Possible Bug: Notes in other voices

Not sure if this has been seen by anyone, but I have a viola part that occasionally goes between unison and divisi.

It’s behaved well enough up to the last few measures. The first few measures are unison. Then is added the divisi part. All seems to work well. Back to unison. All still good. Then, when I add a new divisi part a few measures later, all of the unison stuff in between is now being notated as if a second part is there (stems up), with a second voice rest being displayed.

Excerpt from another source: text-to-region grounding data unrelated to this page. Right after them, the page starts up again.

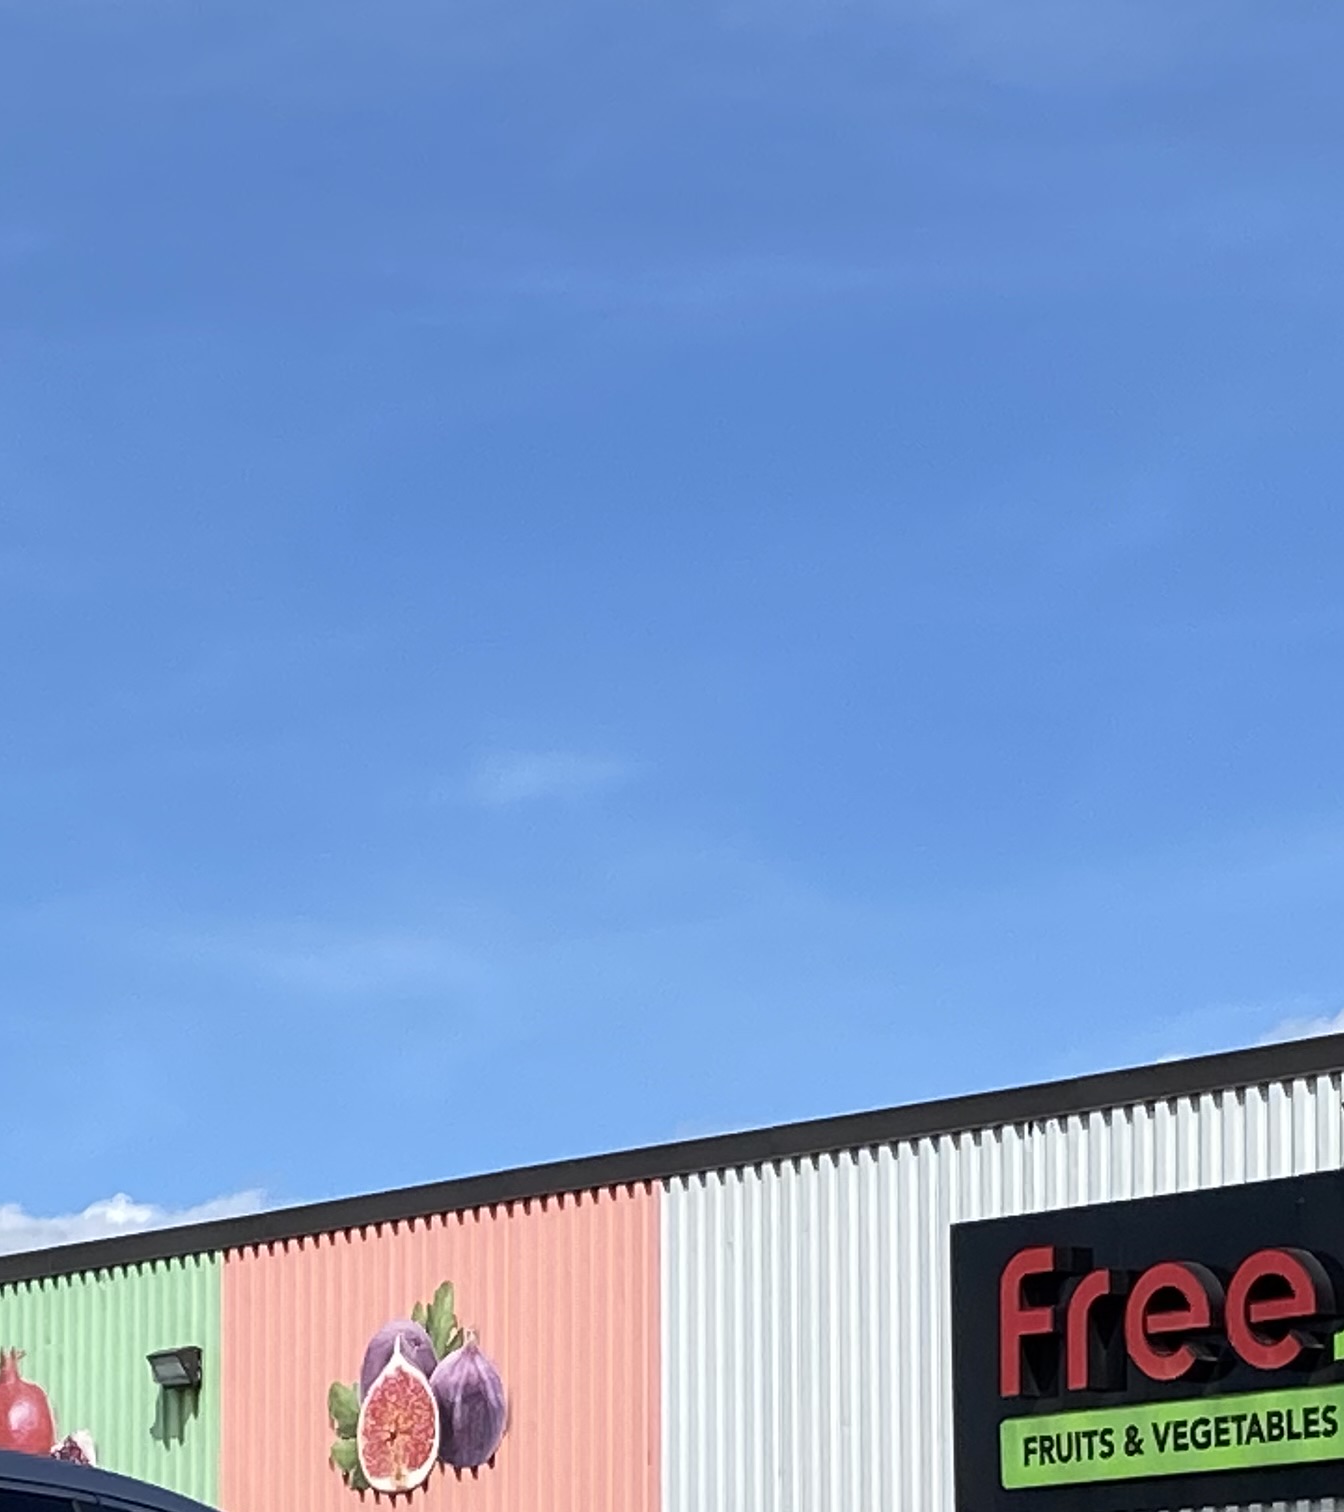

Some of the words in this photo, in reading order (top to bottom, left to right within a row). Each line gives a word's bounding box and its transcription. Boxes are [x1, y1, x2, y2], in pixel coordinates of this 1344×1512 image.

[1022, 1427, 1116, 1467] FRUITS
[1123, 1424, 1145, 1457] &
[1151, 1404, 1340, 1453] VEGETABLES
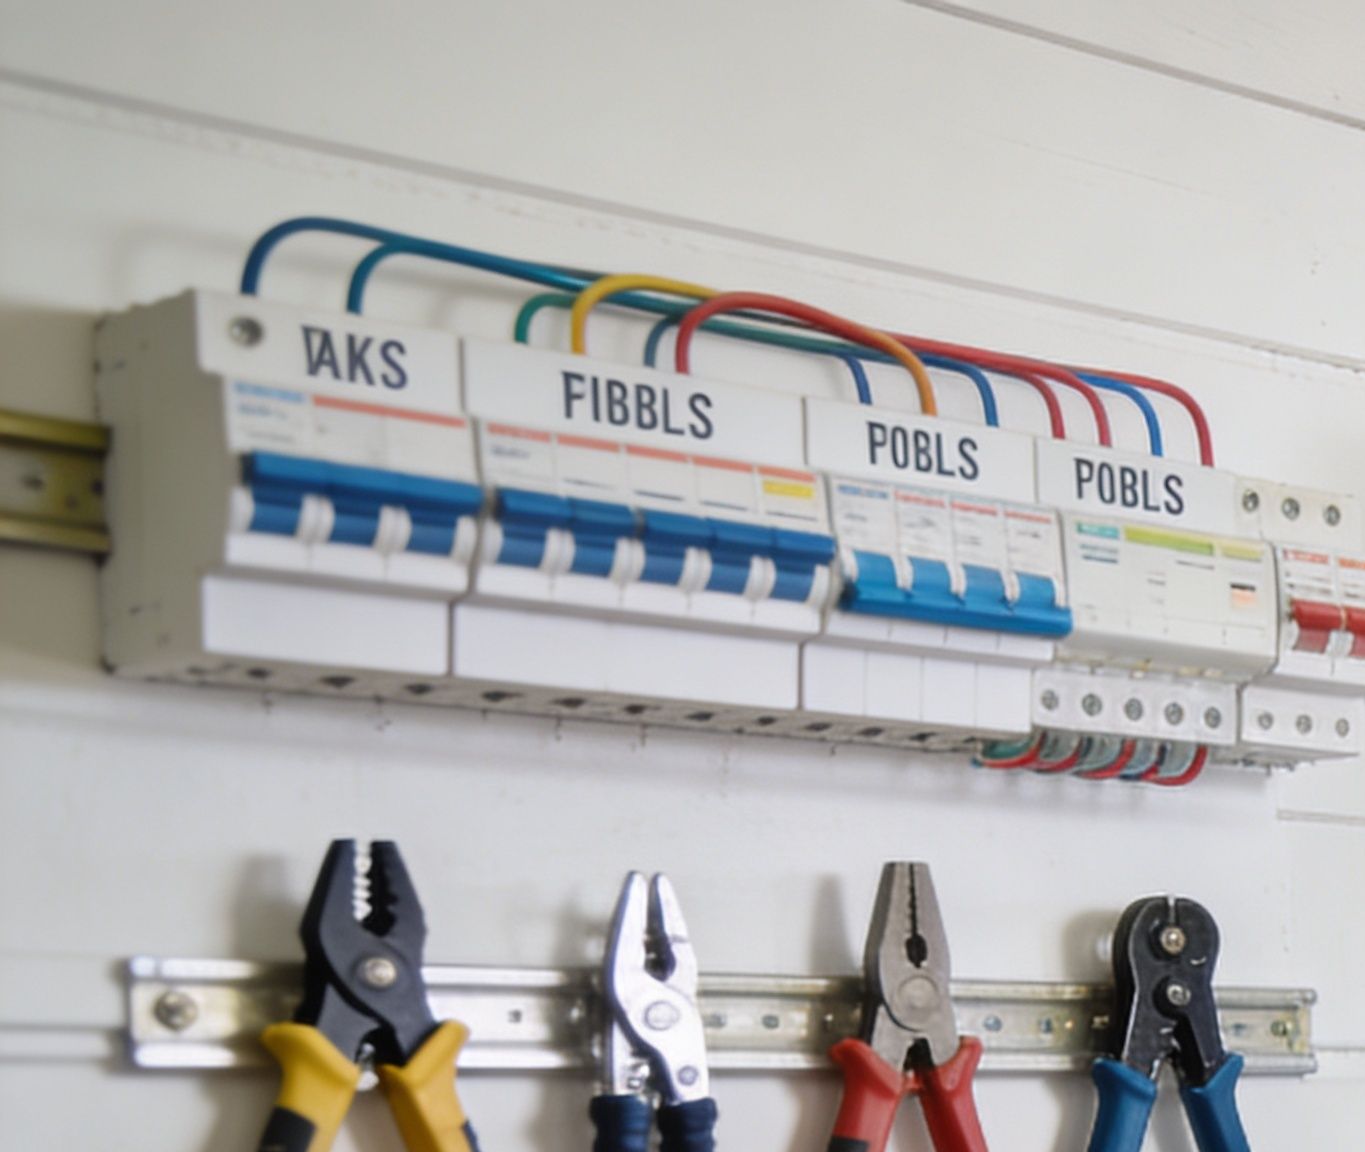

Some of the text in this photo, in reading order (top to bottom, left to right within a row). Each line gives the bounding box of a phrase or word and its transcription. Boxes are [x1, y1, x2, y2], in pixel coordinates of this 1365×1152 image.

[561, 371, 714, 440] FIBBLS
[867, 421, 980, 480] POBLS
[1074, 457, 1185, 516] POBLS

In the graphic below, the second stave, 1st measure was showing stems down. As I added the second voice in the 2nd measure, the 1st measure went to stems up and displayed the rest.
Screen Shot 2016-10-29 at 11.11.40 PM.png
Robby

OK, so I found out something else…

I started the multi voice work before I really understood what I was doing. So I have a staff that starts with blue (v1 I am assuming) and red (v2?). I guess I took a break for the night, and the next day, I needed to add another voice in the next few bars, so I hit Shift+V (as I thought I needed to do). So in the first bar, blue and red, in the next bar blue and green. Blue and green last for several bars. After coming back to work on this piece after vacation, where I was reading this site almost daily, I hit just V this time to change to the new voice. However, where I have the blue and green notes, I now have a a bunch of red rests that I cannot seem to go away.
Screen Shot 2016-10-29 at 11.36.21 PM.png
Robby

Hi Robby, you can tell Dorico where a voice should start/end by selecting the note, opening the properties panel, and ticking the starts/ends voice property.

Once you have started a second voice (red), you go back to it not by using SHIFT-V but just be using V again. Otherwise (as you have found) you are creating additional voices (green, etc.) Using that approach, along with the “Ends Voice” property should let you see voices where you want voices and rests only where you want to see them.

Let me look into that.

Robby

Yep, “Ends Voice” did the trick.

Maybe this isn’t a bug after all, but a design feature.

Robby

I think it is a design feature, that enables you to have different voices created inside a bar (not at the beginning of it), end them before the end of the bar… It is actually very different from what we are used to doing in Sibelius… but it is what we do when we play ! No need to hide rests or delete them, if the voice has not begun or has already ended.

You can even have the same voice starting and ending more than once in a single bar - and beam between the two snippets of voice if you want.

Notation like this (used for string players, to show the same pitch note played on alternately different strings) doesn’t need any “faking” in Dorico. The stem up and stem down notes are in different voices and all the rests are hidden…
bariolage.png

revisiting this question, after much has changed in Dorico: I’m trying to recreate something very much like the attached image, from Bach’s E-Major Partita for solo violin (an example of bariolage), and finding it impossible. Starting/stopping voices, and removing rests, doesn’t get me there. Any suggestions? Thanks!
Screen Shot 2019-09-23 at 8.47.02 PM.png

Hi dtrueman.

Here you are, you can study the dorico file (unzip it), use it to copy those bars…

I did exactly what Rob suggested : one upstem voice, one downstem voice, flipped the stems according to the voice (downstem voice down, upstem voice up), removed rests, beamed according to voice…
Bariolage.dorico.zip (802 KB)
Bariolage.png

thanks!

Thanks so much for your help on this Marc. I have a subtle follow up issue. I’m trying another variation on this with slurs, and am not able to get quite what I want, because I can’t do 1) cross-voice slurs or 2) hide stems.

In the attached, the left measure is as close as I can get, but it has a stem and has an additional E in the bottom voice that really shouldn’t be there, but is the only way I can get the slur in. Whereas the right measure looks right in terms of the voices/stems, but I can’t get the second slur in. Apologies if this is obvious, and it’s subtle (I can live with the left one if necessary), but would be nice to get it right!

Thanks, Dan Trueman
Screen Shot 2019-09-26 at 10.44.53 AM.png

You can have cross-voice slurs if you select the first note, then Cmd/Ctrl+click the last note, then hit S. The slur might end up on the wrong side of the stave but you can then hit F (for Flip). Further adjustments can be carried out in Engrave mode.

sure enough! thanks for the info and quick response!